Because the majority of people that use bitcoin don’t run full nodes, using node votes typically leaves out a significant number of users, including those that may be utilize the network on a regular basis. Further manipulation can happen through the spinning up of ineffective nodes.
Miscommunication, in Corallo’s eyes, is one of the reasons the ethereum community is now running on two chains. While the majority of people that voiced an opinion were in support of an ethereum hard fork after The DAO hack, only a small percentage, less than 10%, of community members voted at all.
In Corallo’s opinion, all mechanisms for measuring community consensus should be deployed. These include node voting; coin voting; measuring support and opposition on community discussion boards; and polls of industry players.
“We don’t want to leave people behind,” Corallo said.
Peter Todd, a Bitcoin Core contributor who recently penned a blog post about hard fork proposals, thinks that this approach still leaves many out, notably those who lack a full understanding of the proposals.
In interview, he said language and privacy barriers can further complicate the situation, potentially excluding those who can’t read a particular proposal or don’t want to broadcast their identity.
Selling the hard fork
Core’s main focus, then, must be on writing up the technical specifications in ways community members can understand, said Corallo. If bitcoin businesses, for instance, push back on a hard fork because they don’t understand the proposal and its effects, that’s core’s responsibility, a communication error, he said.
While Corallo thinks the community has calmed a bit since the hostility over hard forking bitcoin started last year, Todd thinks the ethereum debacle has stoked hesitation again.

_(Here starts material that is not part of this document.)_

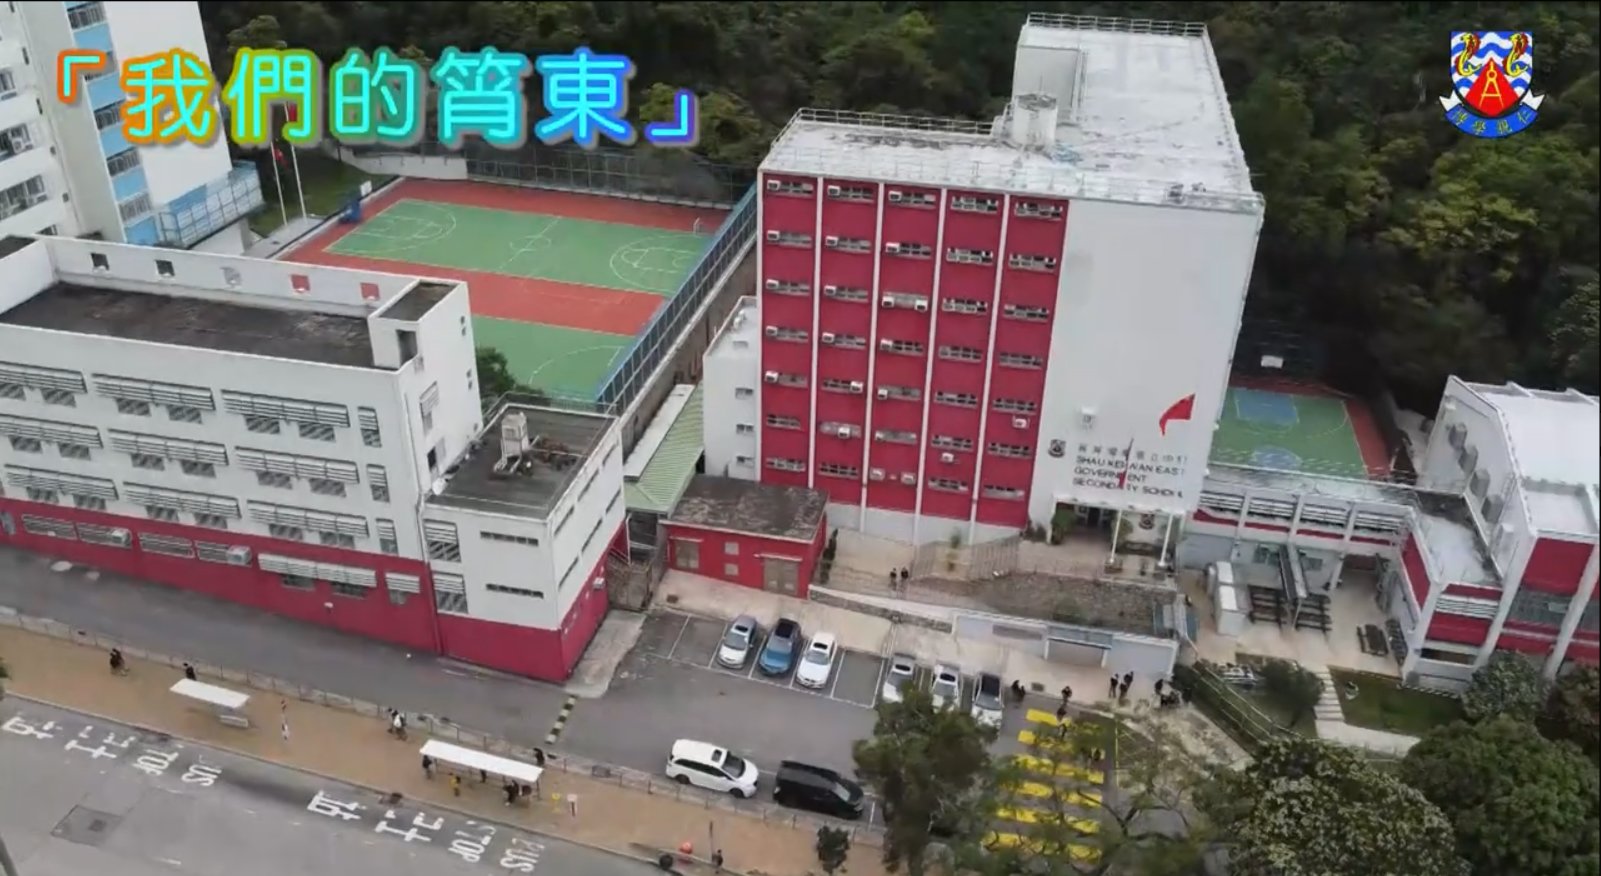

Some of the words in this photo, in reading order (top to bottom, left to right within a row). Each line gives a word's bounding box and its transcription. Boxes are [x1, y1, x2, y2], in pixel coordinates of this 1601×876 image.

“The main thing is a lot of people quite understandably are dubious about [hard forks],” Todd said. “It’s harder now to convince people [hard forks] are a good idea than it was six months ago.”
This contention around hard forking is one reason why research and development around the concept has largely stalled, Core contributors say.
“People troll you to death,” Todd said. “And I think that has stopped people from working on Core development publicly and sometimes altogether.”
Quite a few, though, are working on hardfork proposals quietly, he said.
Core developer, Cory Fields declined to comment on hard fork issues, and several other core developers never responded to inquiries for CoinDesk. This speaks not only to the community’s sensitivity to the idea, but also that Core is merely a group of individuals who don’t always see eye-to-eye on elements affecting their work.
“People aren’t used to these things being driven by money, like bitcoin. I think it creates a different intensity,” Todd said.
In the next five years, though, Todd said, there’s a pretty high chance the rules of the network will need to be changed. Specifically to enhance security of the network, such as improvements that would prevent attacks against mining pools, Todd doesn’t have a problem with hard forking in the future.
“You need a pretty good reason to do a hard fork; we just don’t have good reasons right now,” Todd said.